À la baguette
Il est arrivé une aventure aussi étrange qu'inexplicable à un petit équipage qui se prit de l'improbable volonté de remonter la Loire en bateau par les seuls recours des procédés qui prévalaient jadis à la navigation fluviale. Hédonistes dans l'âme, ils entendaient descendre tous les vins de nos coteaux et de nos rives tandis qu'ils ne feraient jamais usage du moteur pour aller à contre-courant.
Si la chose vous parait saugrenue en cette époque de la motorisation et de la vitesse, elle ne doit en rien surprendre quand on connaît le penchant pour la dive bouteille qui sévit depuis belle lurette dans ce Val si plaisant. Bien mieux, ils avaient troqué les nourrices qui contenaient le carburant pour des outres à vin qu'ils tenaient au frais de la rivière.
Sans le savoir, nos lascars renouaient ainsi avec l'ancestral utriculaire, ce gros bateau des Gaulois qui tenait les flots grâce à des outres remplies d'air. Les leurs contenaient des crus qui comme ce mot le laisse supposer à l'oral, laissent espérer les plus charmants débordements. Mais ne leur jetons pas la pierre, se trouver ainsi au milieu de tant d'eau, risque bien souvent de vous tourner les sangs et vus donner grand soif.
Quand ils bénéficiaient d'un vent porteur que l'on dit par ici de mer, de galerne ou de norois, nos amis pouvaient tout à loisir s'hydrater le gosier et se donner de la force en prévision des moments où il leur faudrait prendre les bourdes, les avirons et la bricole pour pousser, ramer ou haler. Un travail de forçat pour ces marins d'opérette en goguette.
Ils n'avançaient guère tant la pratique est bien plus malcommode que ne laissent supposer les récits d'antan. Leur intempérance ajoutée à leur méconnaissance des techniques de navigation risquait fort de transformer la belle épopée en un long surplace purement œnologique. Pourvu qu'ils jouassent judicieusement de l'ancre, ils ne risquaient guère de faire machine arrière !

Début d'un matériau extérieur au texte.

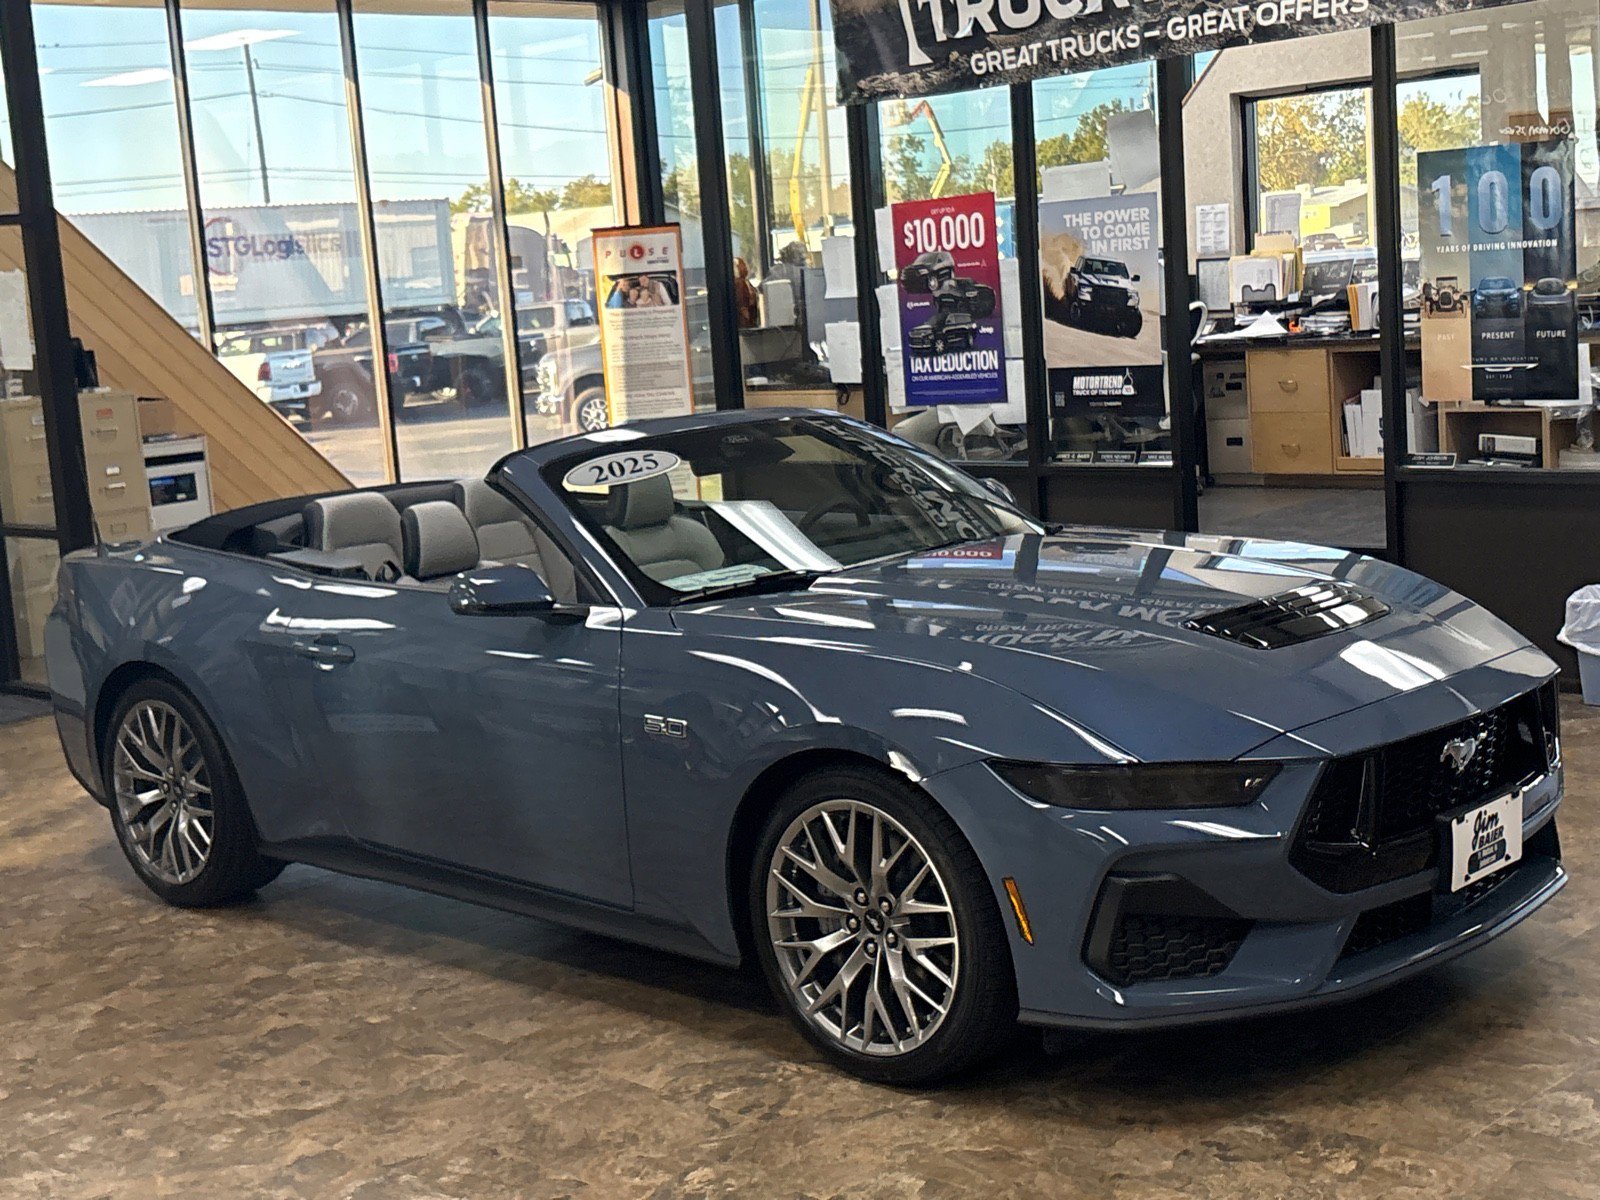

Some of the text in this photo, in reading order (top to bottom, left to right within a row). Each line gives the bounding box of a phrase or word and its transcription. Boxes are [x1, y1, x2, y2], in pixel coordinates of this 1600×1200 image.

[970, 43, 1041, 76] GREAT
[1044, 26, 1141, 62] TRUCKS
[1166, 5, 1249, 41] GREAT
[1255, 0, 1370, 28] OFFERS
[1431, 164, 1563, 236] 100
[1063, 207, 1150, 228] THE POWER
[903, 211, 985, 254] $10,000
[1081, 221, 1151, 240] TO COME
[604, 244, 669, 260] PULSE
[1091, 236, 1151, 254] IN FIRST
[1436, 238, 1558, 253] YEARS OF DRIVING INNOVATION
[1481, 331, 1515, 340] PRESENT
[1536, 330, 1567, 339] FUTURE
[933, 350, 999, 373] DEDUCTION
[1073, 375, 1123, 390] MOTORTREND
[588, 453, 660, 484] 2025
[1471, 809, 1500, 851] Jim

C'est après une longue séance de surplace durant laquelle ils éclusèrent plus que de raison que se produisit une surprenante rencontre. Ils avaient jeté l'ancre à proximité d'une île et après fortes ablutions du gosier, s'étaient tous trois assoupis lorsque surgit un individu à accoutrement digne des vieux grimoires.
L'homme était chaussé de sabots de bois, portait un velours côtelé qui était solidement amarré par une paire de bretelles Achille avec ses six anneaux de fixation. Une chemise de lin épaisse apparaissait sous un lourd « gariot » de toile huilée tandis qu'un chapeau en feutre à larges bords complétait l'allure du vieil homme. Un foulard rouge était noué à son cou tandis qu'il chiquait et que de temps à autre, il crachait fièrement un glaviot de belle taille aux teintes fort peu ragoutantes.
Il portait à sa ceinture une cabrette donnant à toute sa personne une touche anachronique qui sauta immédiatement aux yeux pourtant bien rougis de nos joyeux drilles. Il ne manquait vraiment plus que celui-ci pour compléter le tableau. C'est justement à quoi il fut promptement convié par les trois compères qui commençaient à trouver le temps long. Un peu de nouveauté agrémentera ce long voyage immobile.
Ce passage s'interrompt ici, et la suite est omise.